[REQUIRED ACTION] Return the listing below unchanged, but without pictures.

[EXCERPTED DATA]
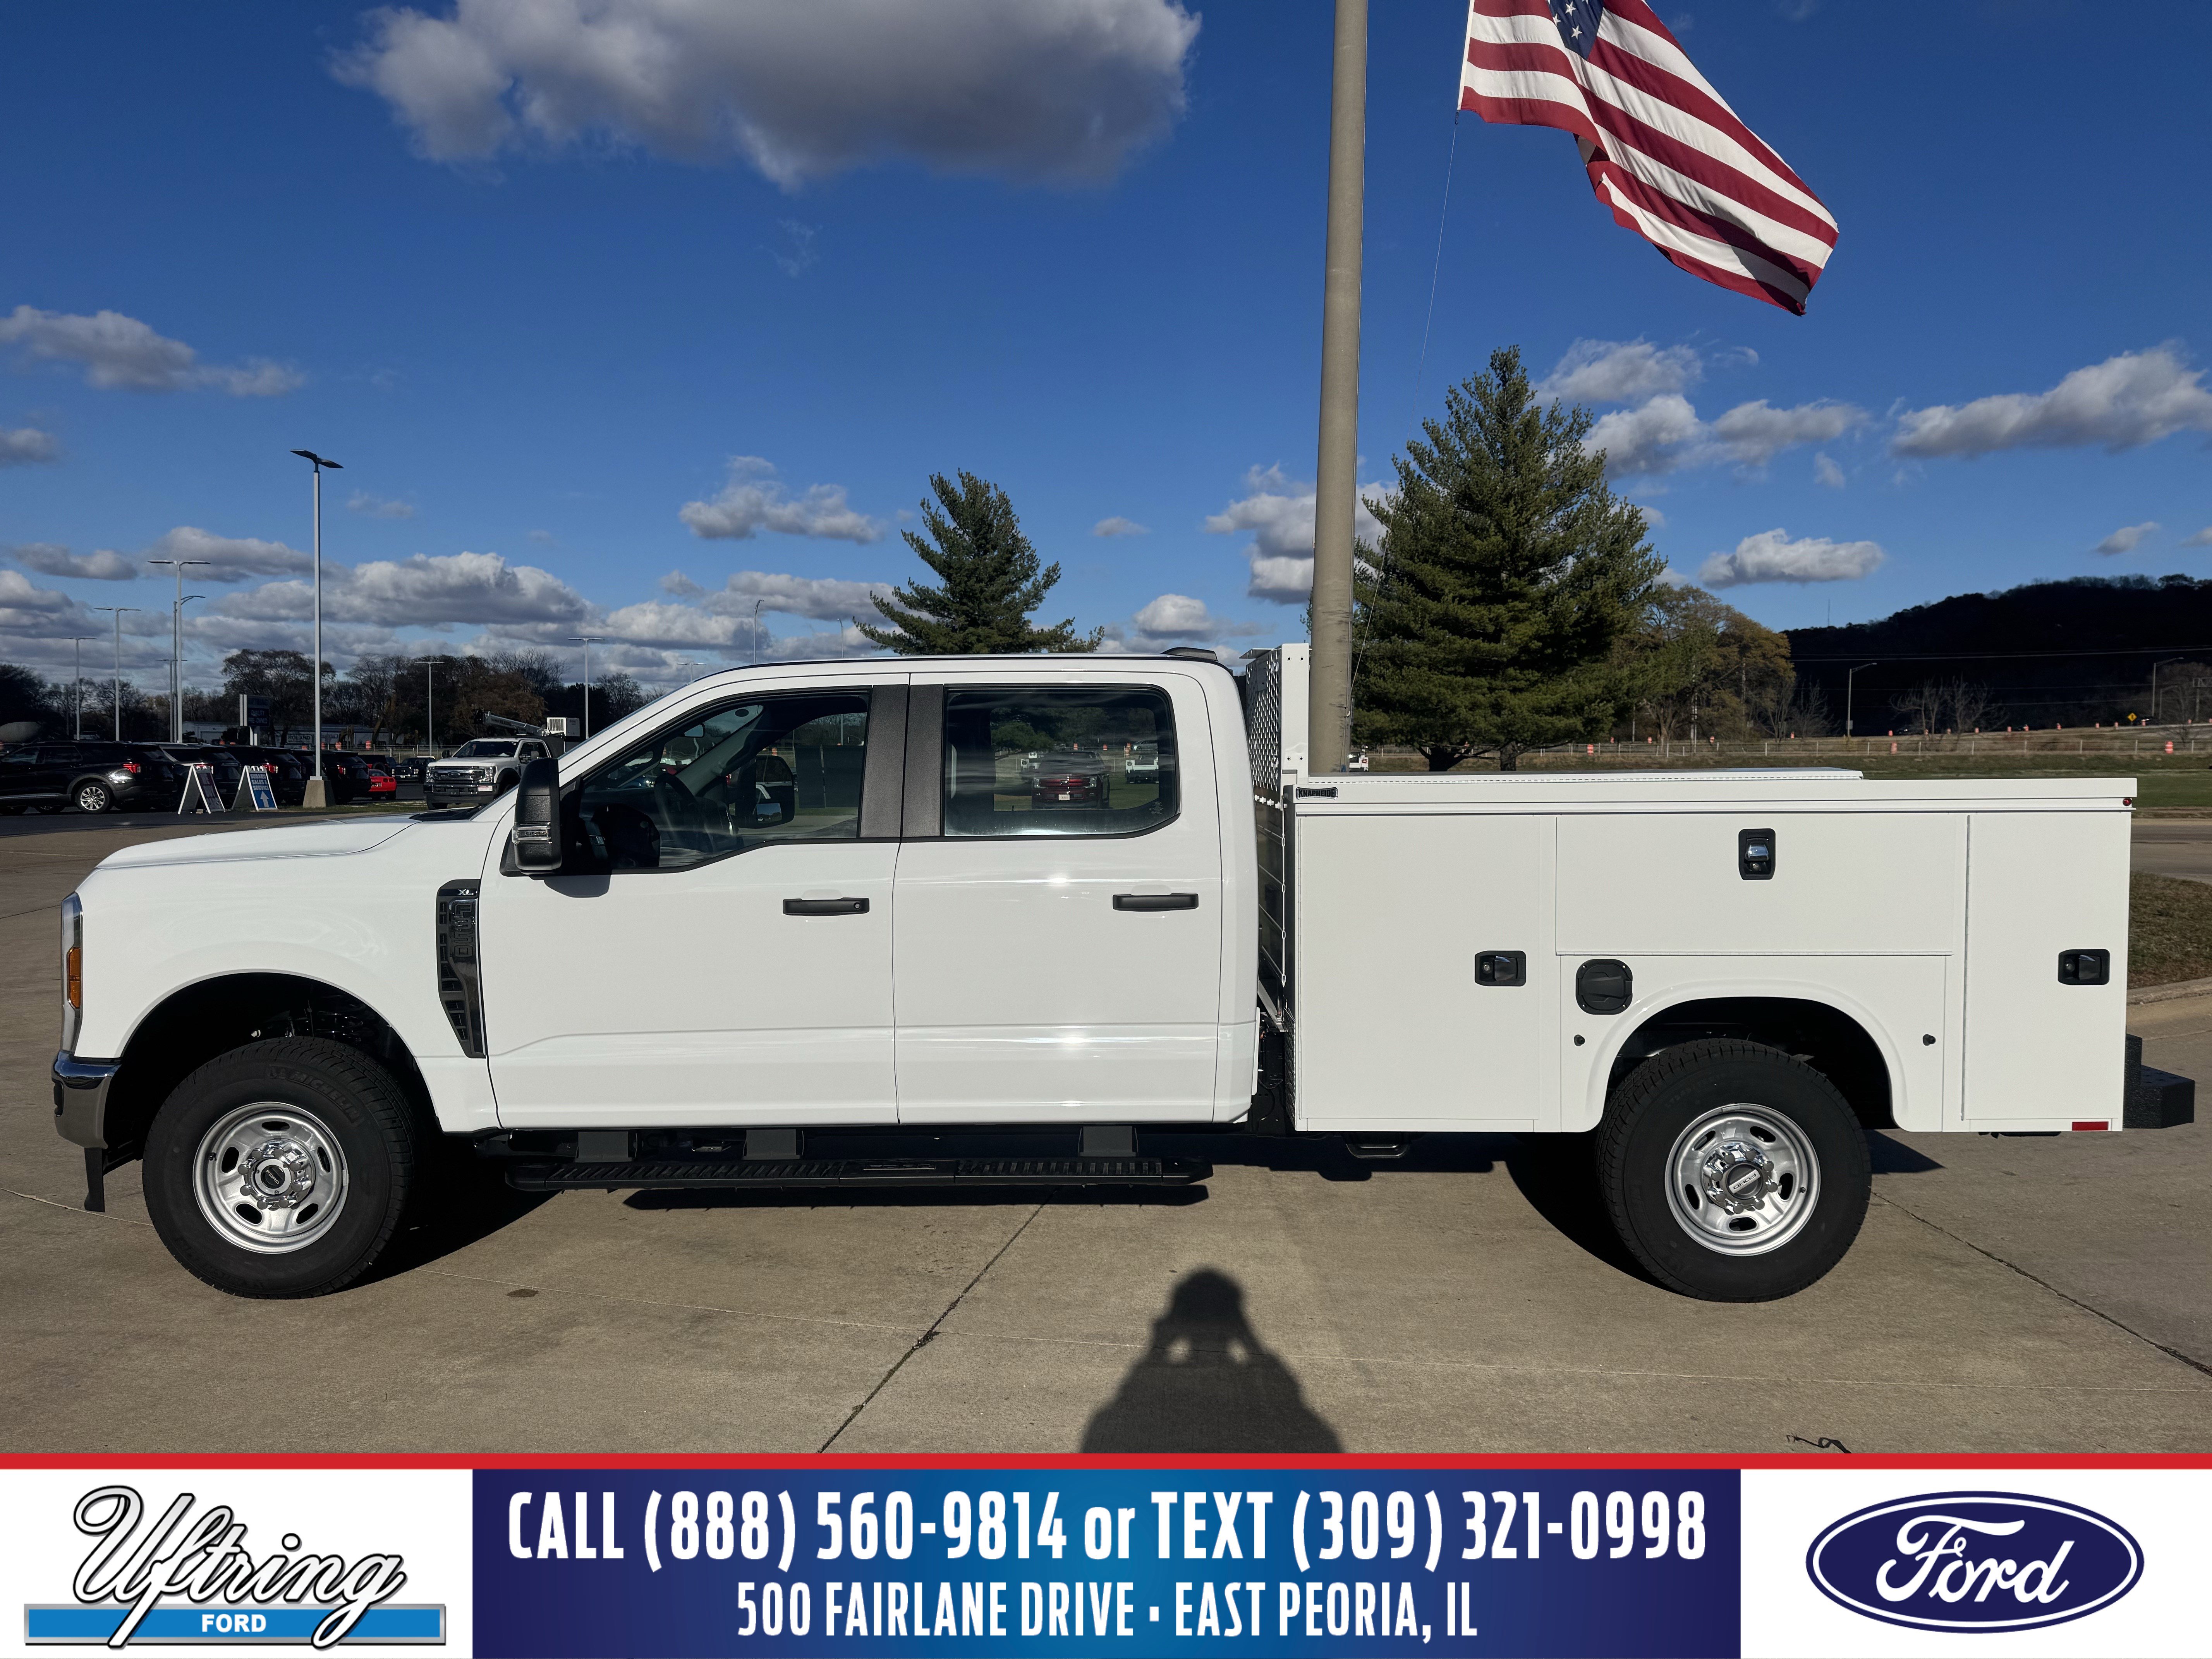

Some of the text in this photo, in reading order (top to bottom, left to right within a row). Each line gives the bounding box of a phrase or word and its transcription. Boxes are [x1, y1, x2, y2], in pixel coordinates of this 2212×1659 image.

[1298, 789, 1335, 798] KNAPHEIDE
[289, 1070, 361, 1124] MICHELIN
[266, 1170, 280, 1184] FORD
[1733, 1173, 1756, 1189] FORD

[RESULT]
Some of the text in this photo, in reading order (top to bottom, left to right within a row). Each line gives the bounding box of a phrase or word and its transcription. Boxes are [x1, y1, x2, y2], in pixel coordinates of this 2212×1659 image.

[1298, 789, 1335, 798] KNAPHEIDE
[289, 1070, 361, 1124] MICHELIN
[266, 1170, 280, 1184] FORD
[1733, 1173, 1756, 1189] FORD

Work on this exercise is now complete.